REQUIRED ACTION ▸ Each entry should be repeated exactly. Its pictures should not be.

★ ★ ★ ★

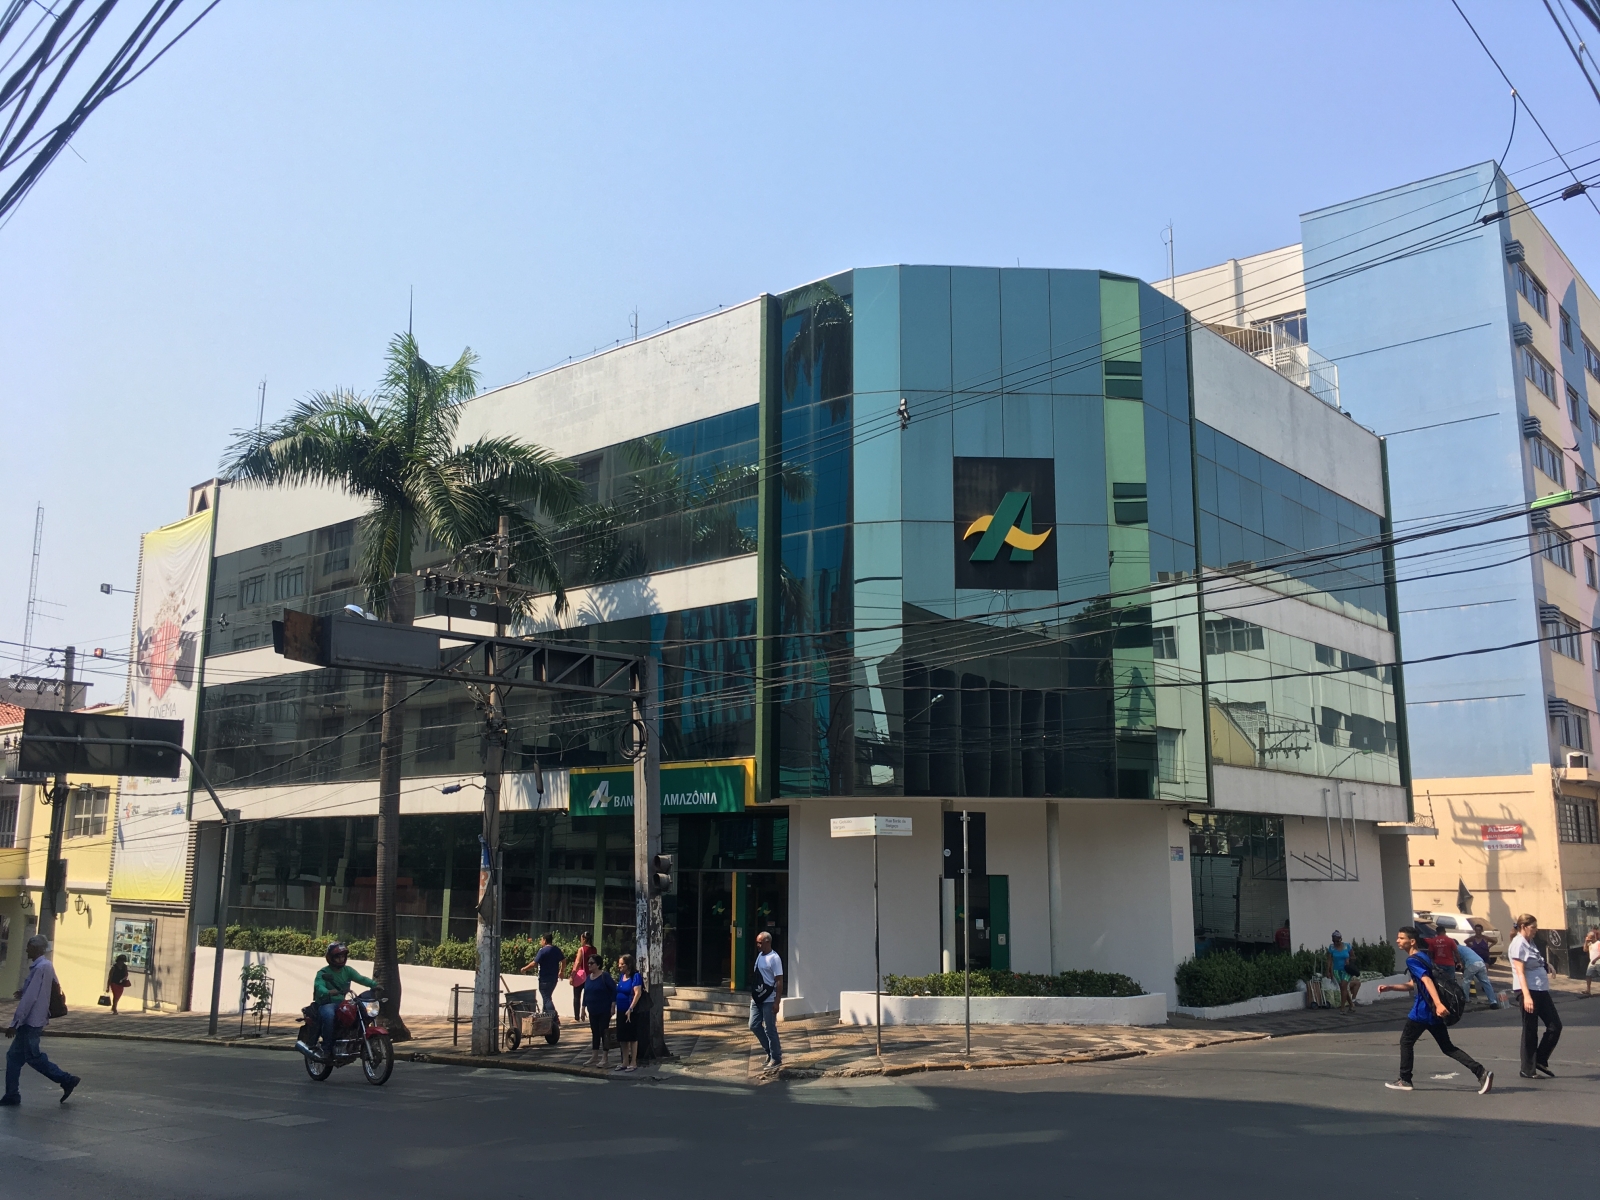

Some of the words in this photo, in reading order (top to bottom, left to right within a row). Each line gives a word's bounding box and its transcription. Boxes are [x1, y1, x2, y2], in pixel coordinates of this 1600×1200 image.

[148, 702, 177, 718] CINEMA
[613, 795, 634, 807] BAN
[663, 790, 718, 805] AMAZÔNIA
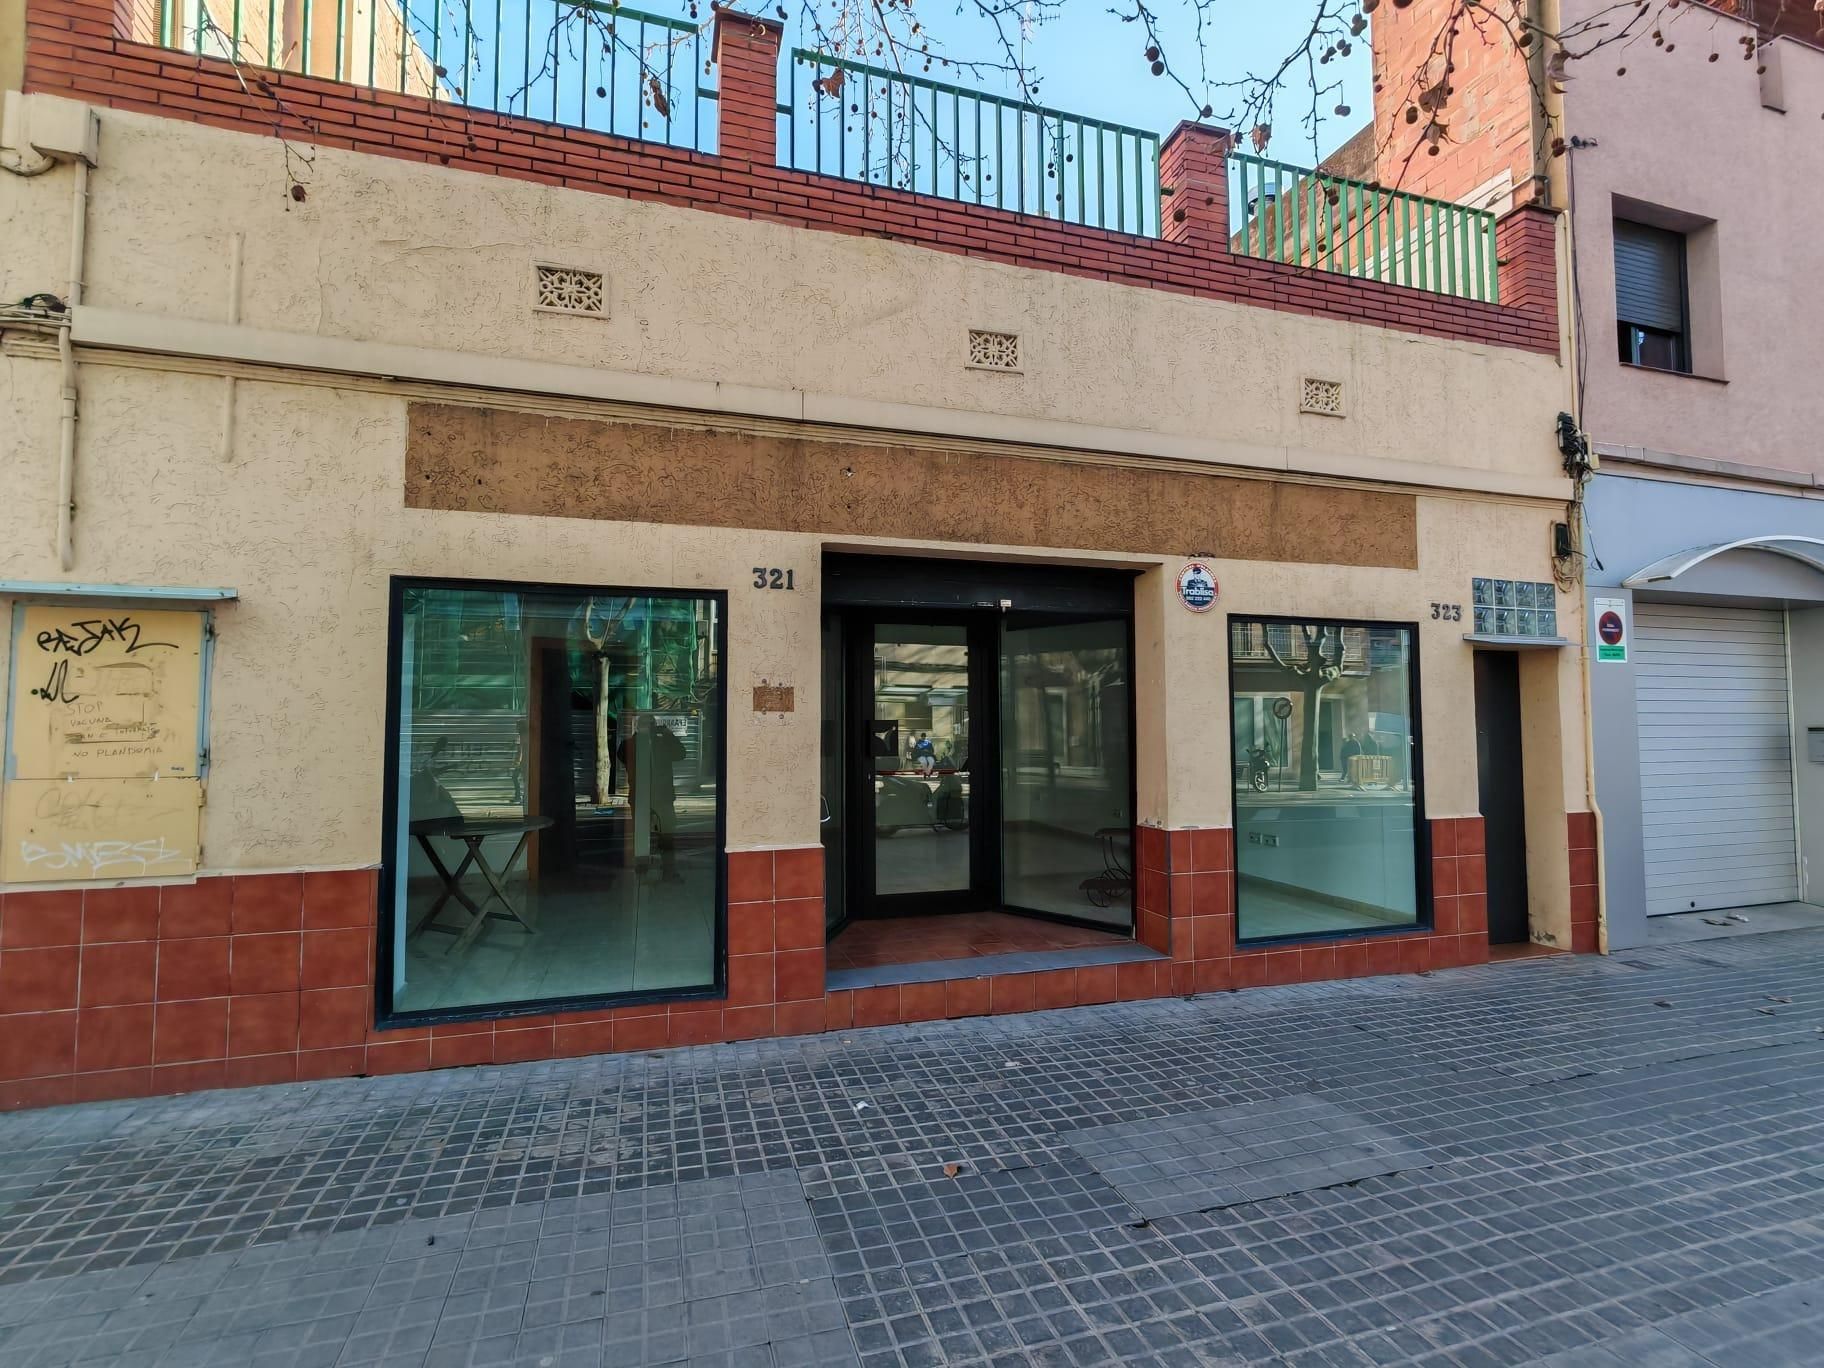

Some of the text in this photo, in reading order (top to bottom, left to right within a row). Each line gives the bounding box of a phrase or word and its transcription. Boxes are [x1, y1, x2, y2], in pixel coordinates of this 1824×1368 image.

★ ★ ★ ★

ANSWER FOR THE TASK ▸
Some of the words in this photo, in reading order (top to bottom, left to right within a row). Each line gives a word's bounding box and its transcription. Boxes are [x1, y1, x2, y2], in pixel coordinates of this 1600×1200 image.

[148, 702, 177, 718] CINEMA
[613, 795, 634, 807] BAN
[663, 790, 718, 805] AMAZÔNIA

Some of the text in this photo, in reading order (top to bottom, left to right within a row). Each line gives the bounding box of a phrase or word and its transcription. Boxes are [x1, y1, x2, y2], in pixel coordinates of this 1824×1368 image.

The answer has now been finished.